Para ahli tafsir baik klasik,
seperti al-Thabari, Ibn Katsir, Zamakhsyari, maupun kontemporer seperti,
al-Maraghi, az-Zuhaily, dan Sayyid Qutb, sepakat bahwa perjalanan dagang musim
dingin dilakukan ke utara seperti Syria, Turki, Bulgaria, Yunani, dan sebagian
Eropa Timur, sementara perjalanan musim panas dilakukan ke selatan seputar
Yaman, Oman, atau bekerja sama dengan para pedagang Cina dan India yang singgah
di pelabuhan internasional Aden.
B. Karakteristik Perdagangan
Syari’ah
Prinsip dasar yang telah ditetapkan
Islam mengenai perdagangan atau niaga adalah tolok ukur dari kejujuran,
kepercayaan dan ketulusan. Dalam perdagangan nilai timbangan dan ukuran yang
tepat dan standar benar-benar harus diperhatikan. Seperti yang telah dijelaskan
dalam surat Al Muthoffifin ayat 2-7 :
“Kecelakaan besarlah bagi orang
yang curang, yaitu orang yang apabila menerima takaran dari orang lain, mereka
minta dipenuhi. Dan apabila mereka menakar atau menimbang untuk orang lain,
mereka mengurangi.tidaklah orang-orang itu menyangka, bahwa sesungguhnya mereka
akan dibangkitkan pada suatu hari yang besar, yaitu hari ketika manusia berdiri
menghadap Tuhan Semesta Alam? Sekali-kali jangan curang, karena sesungguhnya
kitab orang yang durhaka,tersimpan dalam Sijjin.”
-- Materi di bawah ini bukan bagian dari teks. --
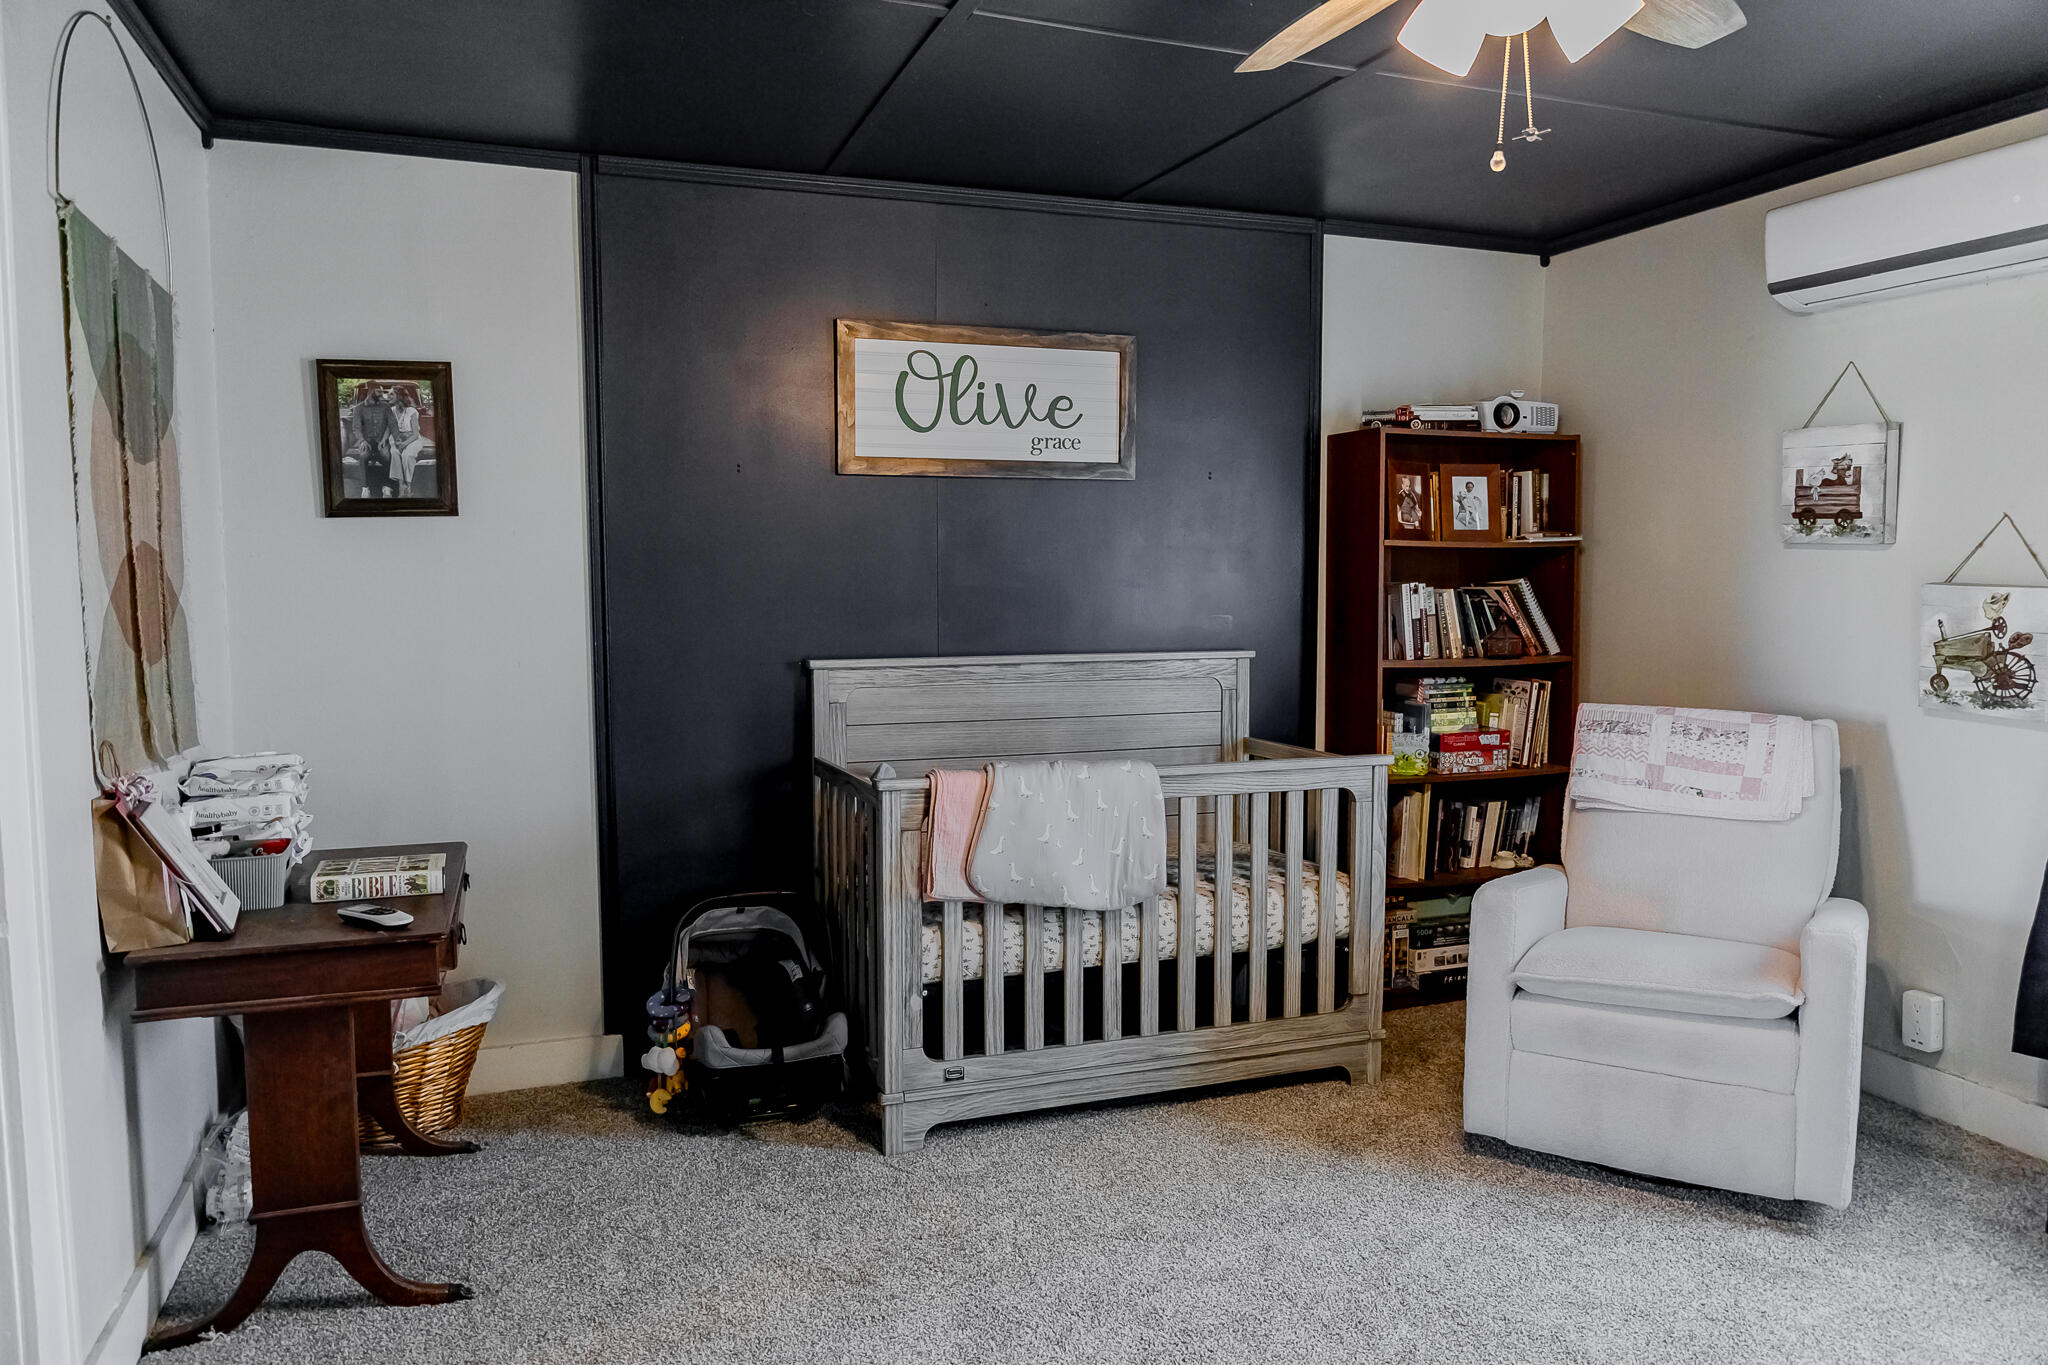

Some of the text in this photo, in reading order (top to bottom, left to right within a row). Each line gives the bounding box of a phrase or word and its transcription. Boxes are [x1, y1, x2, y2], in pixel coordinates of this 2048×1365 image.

Selain itu, Islam tidak hanya
menekankan agar memberikan timbangan dan ukuran yang penuh, tetapi juga dalam
menimbulkan itikad baik dalam transaksi bisnis. Hasil beberapa pengamatan yang
dilakukan menjelaskan bahwa hubungan buruk yang timbul dalam bisnis dikarenakan
kedua belah pihak yang tidak dapat menentukan kejelasan secara tertulis syarat
bisnis mereka. Untuk membina hubungan baik dalam berbisnis, semua perjanjian
harus dinyatakan secara tertulis dengan menyantumkan syarat-syaratnya, karena
“yang demikian itu lebih adil di sisi Alloh, dan lebih menguatkan persaksian,
dan lebih dapat mencegah timbulnya keragu-raguan.” (Al Baqoroh : 282-283)
Disamping itu, ada beberapa hal yang
terkait dengan perdagangan syariah, yaitu :
- Penjual berusaha memberikan pelayanan yang terbaik kepada konsumen, sehingga konsumen akan merasa telah berbelanja sesuai syariah Islam, dimana konsumen tidak membeli barang sesuai keinginan tetapi menurut kebutuhan.
- Penjual menjalankan bisnisnya secara jujur yakni kualitas barang yang dijual sesuai dengan harganya, dan pembeli tidak dirangsang untuk membeli barang sebanyak-banyaknya.
- Hal yang paling baik bukan masalah harga yang diatur sesuai mekanisme pasar, namun status kehalalan barang yang dijual adalah lebih utama. Dengan konsep perdagangan syariah, konsumen yang sebagian besar masyarakat awam akan merasa terlindungi dari pembelian barang dengan tidak sengaja yang mengandung unsur haram yang terkandung di dalamnya. Barang-barang yang dijual dengan perdagangan syariah juga diperoleh dengan cara tidak melanggar hukum diantaranya bukan barang selundupan, memiliki izin SNI dan sebagian lagi memiliki label halal.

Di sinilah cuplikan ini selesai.